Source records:
====================

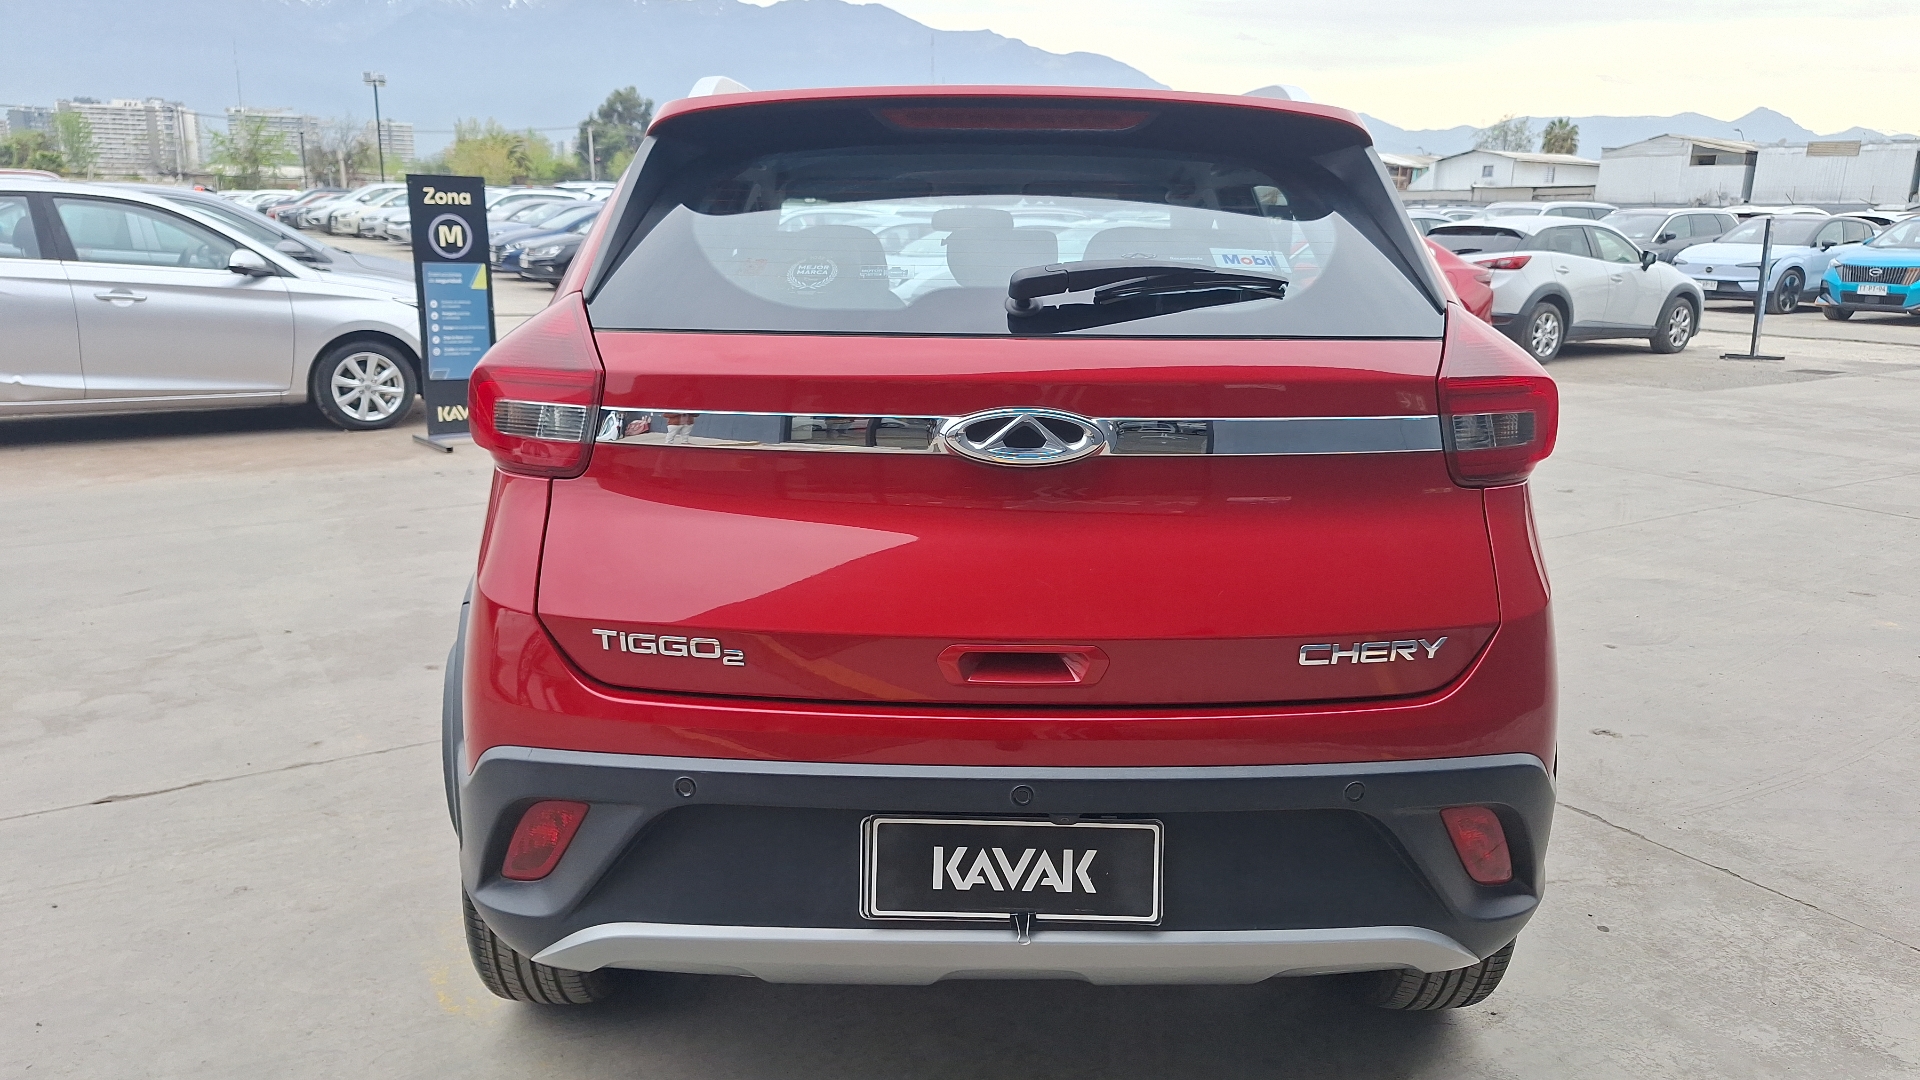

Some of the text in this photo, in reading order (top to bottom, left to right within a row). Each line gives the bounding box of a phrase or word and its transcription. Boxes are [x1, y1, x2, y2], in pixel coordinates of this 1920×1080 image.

[422, 186, 472, 206] Zona
[438, 224, 464, 248] M
[1221, 254, 1277, 267] Mobil
[437, 405, 469, 422] KAV
[1298, 636, 1448, 666] CHERY
[932, 846, 1098, 894] KAVAK

====================

Task description: Transcribe every record above exactly as written, leaving out any pictures.

Response below:
Some of the text in this photo, in reading order (top to bottom, left to right within a row). Each line gives the bounding box of a phrase or word and its transcription. Boxes are [x1, y1, x2, y2], in pixel coordinates of this 1920×1080 image.

[422, 186, 472, 206] Zona
[438, 224, 464, 248] M
[1221, 254, 1277, 267] Mobil
[437, 405, 469, 422] KAV
[1298, 636, 1448, 666] CHERY
[932, 846, 1098, 894] KAVAK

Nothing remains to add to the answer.